ABOUT THIS TASK: Each entry below is to be returned exactly, with any pictures left out.

Dataset excerpts:
———

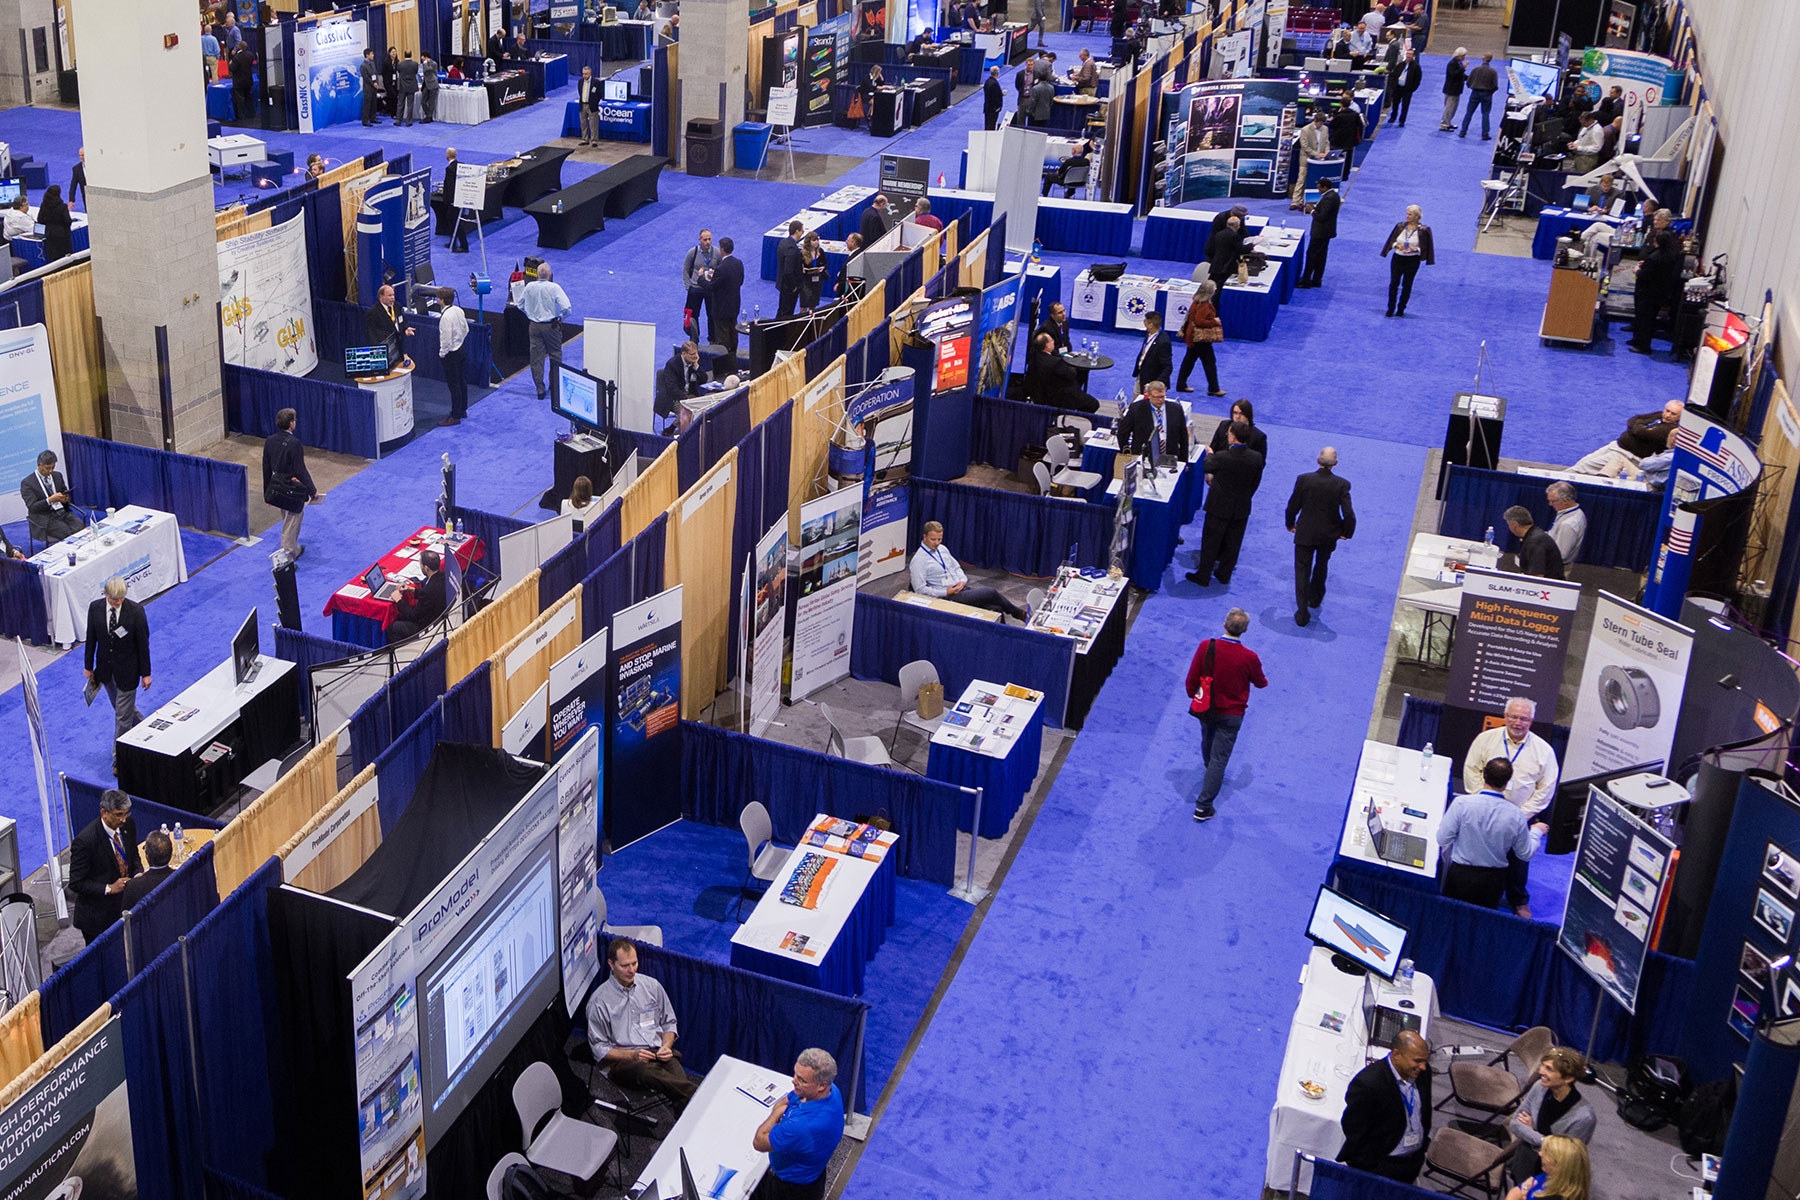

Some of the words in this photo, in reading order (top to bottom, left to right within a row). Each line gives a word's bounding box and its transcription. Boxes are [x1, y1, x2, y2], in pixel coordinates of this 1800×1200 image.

[299, 85, 309, 119] ClassNK
[603, 106, 633, 118] Ocean
[603, 116, 633, 124] Engineering
[222, 296, 252, 327] GHS
[277, 317, 305, 348] GLM
[853, 388, 899, 418] COOPERATION
[1470, 611, 1493, 622] Mini
[1496, 614, 1520, 626] Data
[1522, 619, 1560, 634] Logger
[1475, 601, 1501, 613] High
[1503, 604, 1559, 623] Frequency
[1467, 628, 1490, 637] Accurate
[1490, 631, 1503, 639] Data
[1503, 634, 1531, 644] Recording
[1602, 617, 1628, 637] Stern
[1631, 630, 1654, 649] Tube
[1656, 642, 1679, 661] Seal
[619, 662, 633, 673] AND
[634, 652, 652, 666] STOP
[652, 640, 677, 657] MARINE
[619, 659, 654, 681] INVASIONS
[552, 696, 581, 723] OPERATE
[552, 700, 586, 732] WHEREVER
[552, 726, 567, 740] YOU
[567, 711, 584, 728] WANT
[418, 867, 480, 942] ProModel
[20, 1036, 109, 1119] PERFORMANCE
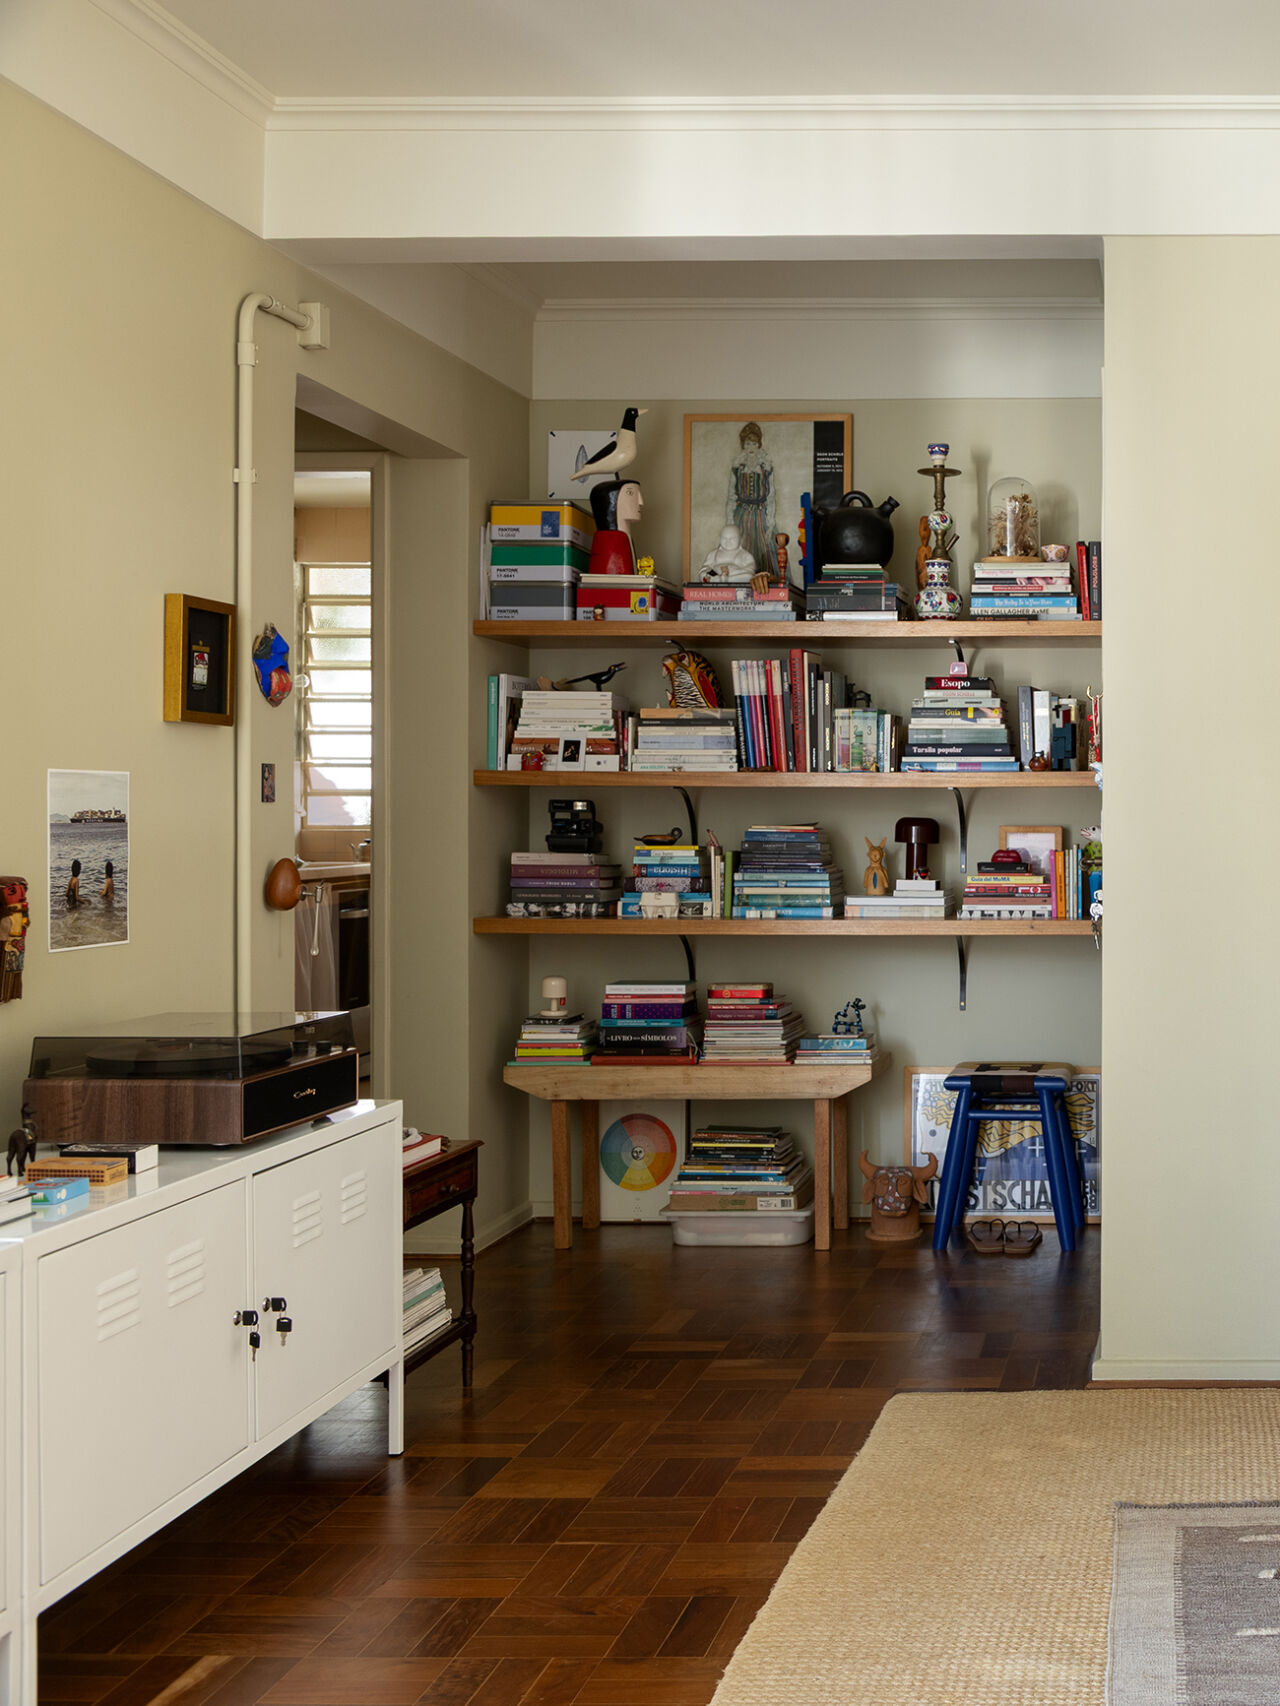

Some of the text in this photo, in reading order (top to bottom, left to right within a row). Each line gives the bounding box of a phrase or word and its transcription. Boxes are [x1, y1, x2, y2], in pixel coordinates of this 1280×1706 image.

[941, 679, 971, 689] Esopo
[912, 746, 963, 755] Tarsila popular
[640, 1033, 678, 1041] SÍMBOLOS
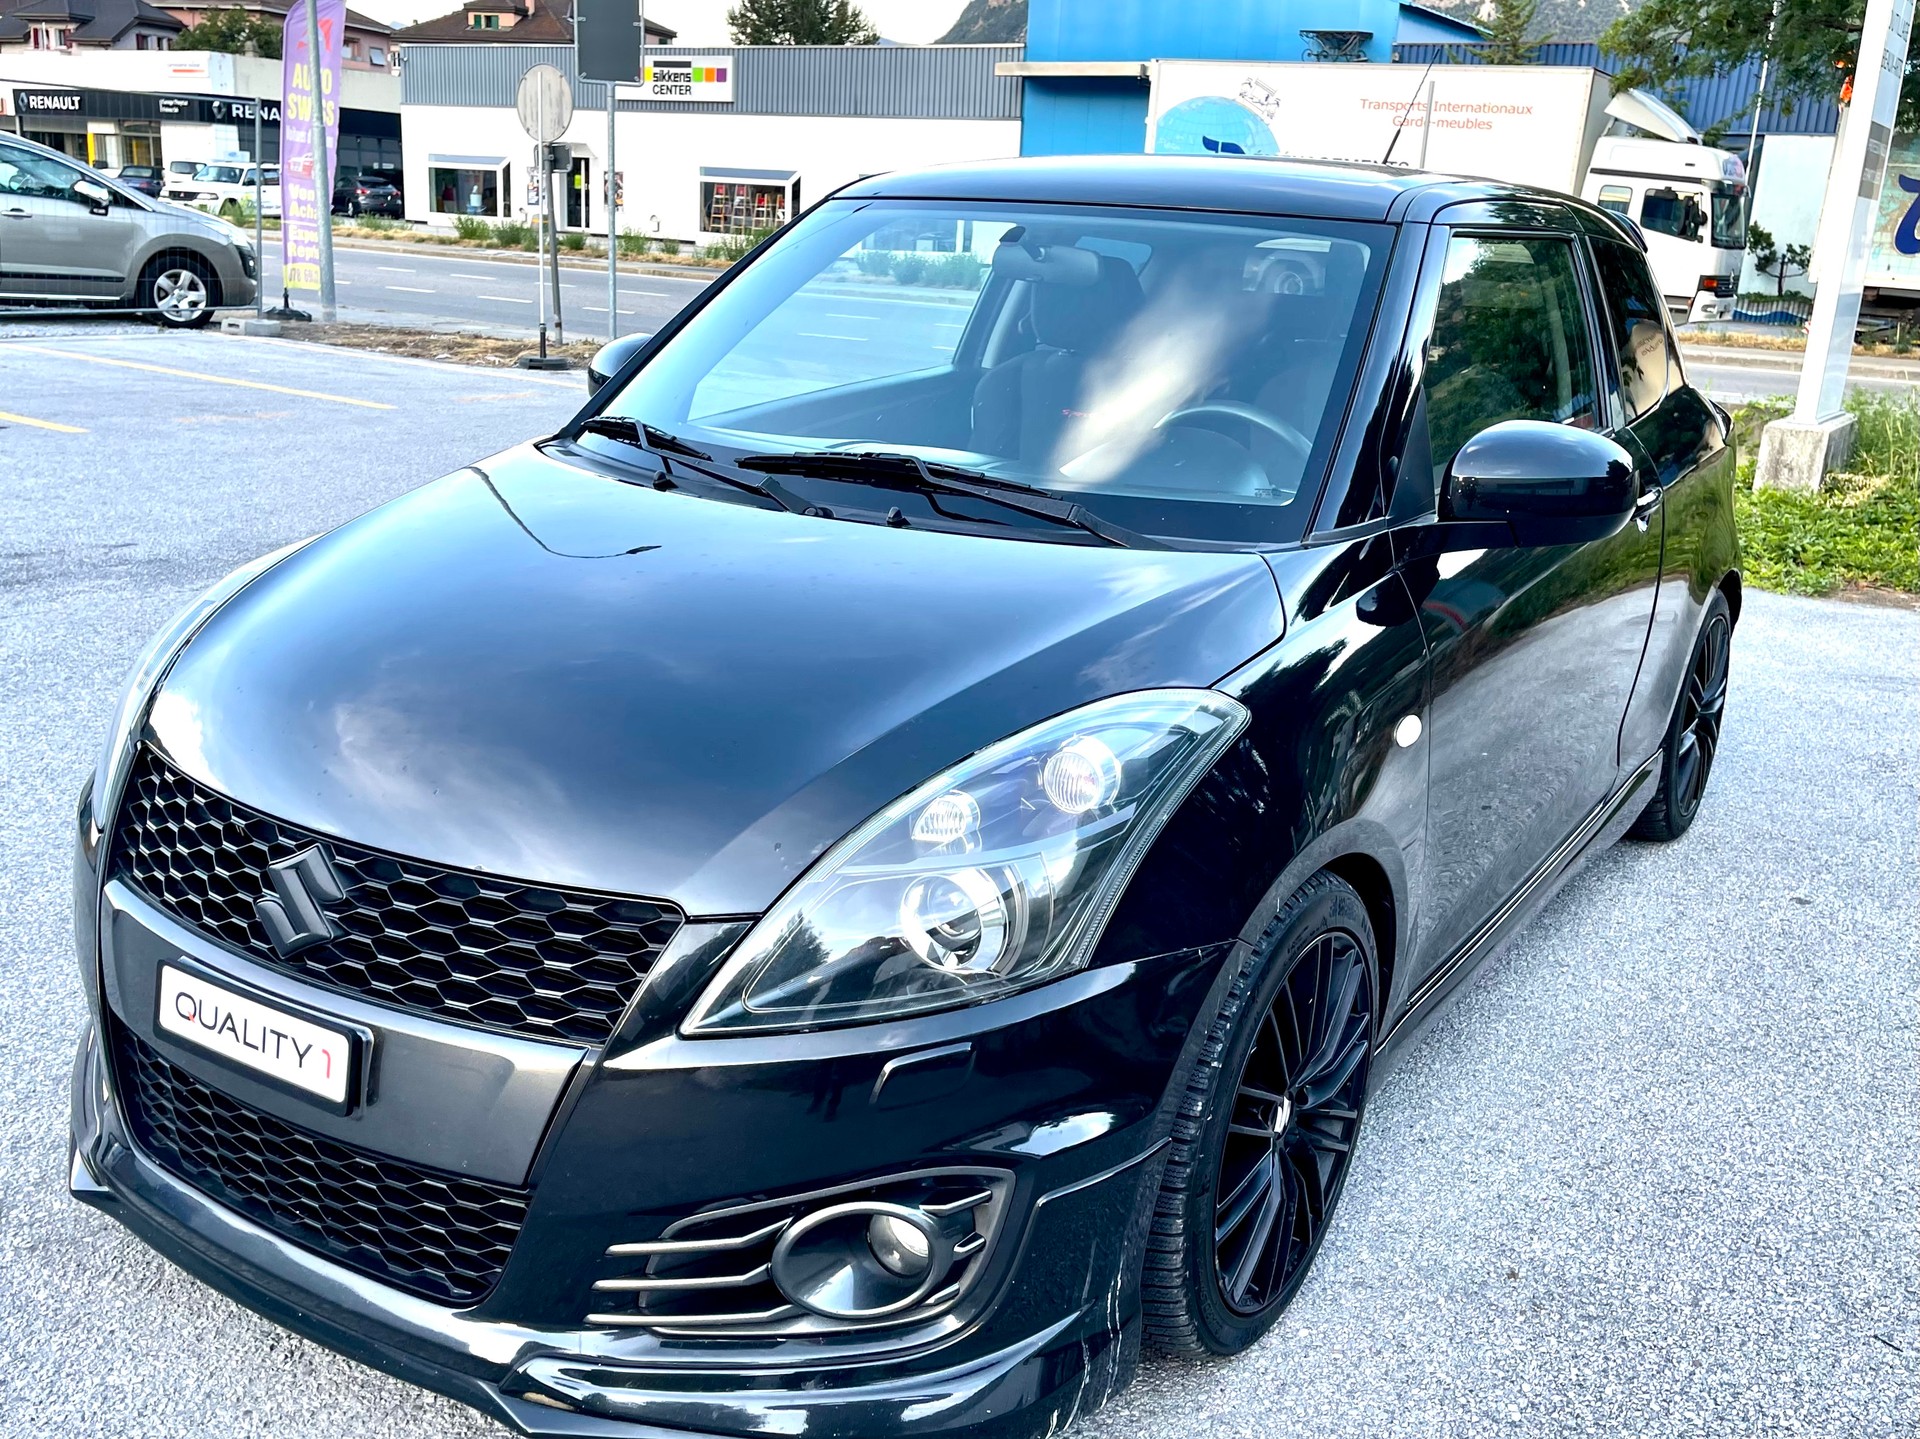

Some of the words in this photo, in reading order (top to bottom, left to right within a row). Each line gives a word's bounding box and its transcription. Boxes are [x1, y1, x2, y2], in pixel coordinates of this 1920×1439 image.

[292, 63, 332, 95] AUO
[653, 70, 691, 82] sikkens
[652, 84, 692, 95] CENTER
[29, 95, 81, 110] RENAULT
[1360, 98, 1428, 112] Transports
[1433, 100, 1533, 115] Internationaux
[231, 103, 281, 121] RENA
[288, 183, 315, 202] Ven
[289, 201, 317, 219] Ach
[175, 991, 313, 1068] QUALITY
[322, 1048, 331, 1079] 1

———

WORKED SOLUTION:
Some of the words in this photo, in reading order (top to bottom, left to right within a row). Each line gives a word's bounding box and its transcription. Boxes are [x1, y1, x2, y2], in pixel coordinates of this 1800×1200 image.

[299, 85, 309, 119] ClassNK
[603, 106, 633, 118] Ocean
[603, 116, 633, 124] Engineering
[222, 296, 252, 327] GHS
[277, 317, 305, 348] GLM
[853, 388, 899, 418] COOPERATION
[1470, 611, 1493, 622] Mini
[1496, 614, 1520, 626] Data
[1522, 619, 1560, 634] Logger
[1475, 601, 1501, 613] High
[1503, 604, 1559, 623] Frequency
[1467, 628, 1490, 637] Accurate
[1490, 631, 1503, 639] Data
[1503, 634, 1531, 644] Recording
[1602, 617, 1628, 637] Stern
[1631, 630, 1654, 649] Tube
[1656, 642, 1679, 661] Seal
[619, 662, 633, 673] AND
[634, 652, 652, 666] STOP
[652, 640, 677, 657] MARINE
[619, 659, 654, 681] INVASIONS
[552, 696, 581, 723] OPERATE
[552, 700, 586, 732] WHEREVER
[552, 726, 567, 740] YOU
[567, 711, 584, 728] WANT
[418, 867, 480, 942] ProModel
[20, 1036, 109, 1119] PERFORMANCE

Some of the text in this photo, in reading order (top to bottom, left to right within a row). Each line gives the bounding box of a phrase or word and its transcription. Boxes are [x1, y1, x2, y2], in pixel coordinates of this 1280×1706 image.

[941, 679, 971, 689] Esopo
[912, 746, 963, 755] Tarsila popular
[640, 1033, 678, 1041] SÍMBOLOS

Some of the words in this photo, in reading order (top to bottom, left to right within a row). Each line gives a word's bounding box and its transcription. Boxes are [x1, y1, x2, y2], in pixel coordinates of this 1920×1439 image.

[292, 63, 332, 95] AUO
[653, 70, 691, 82] sikkens
[652, 84, 692, 95] CENTER
[29, 95, 81, 110] RENAULT
[1360, 98, 1428, 112] Transports
[1433, 100, 1533, 115] Internationaux
[231, 103, 281, 121] RENA
[288, 183, 315, 202] Ven
[289, 201, 317, 219] Ach
[175, 991, 313, 1068] QUALITY
[322, 1048, 331, 1079] 1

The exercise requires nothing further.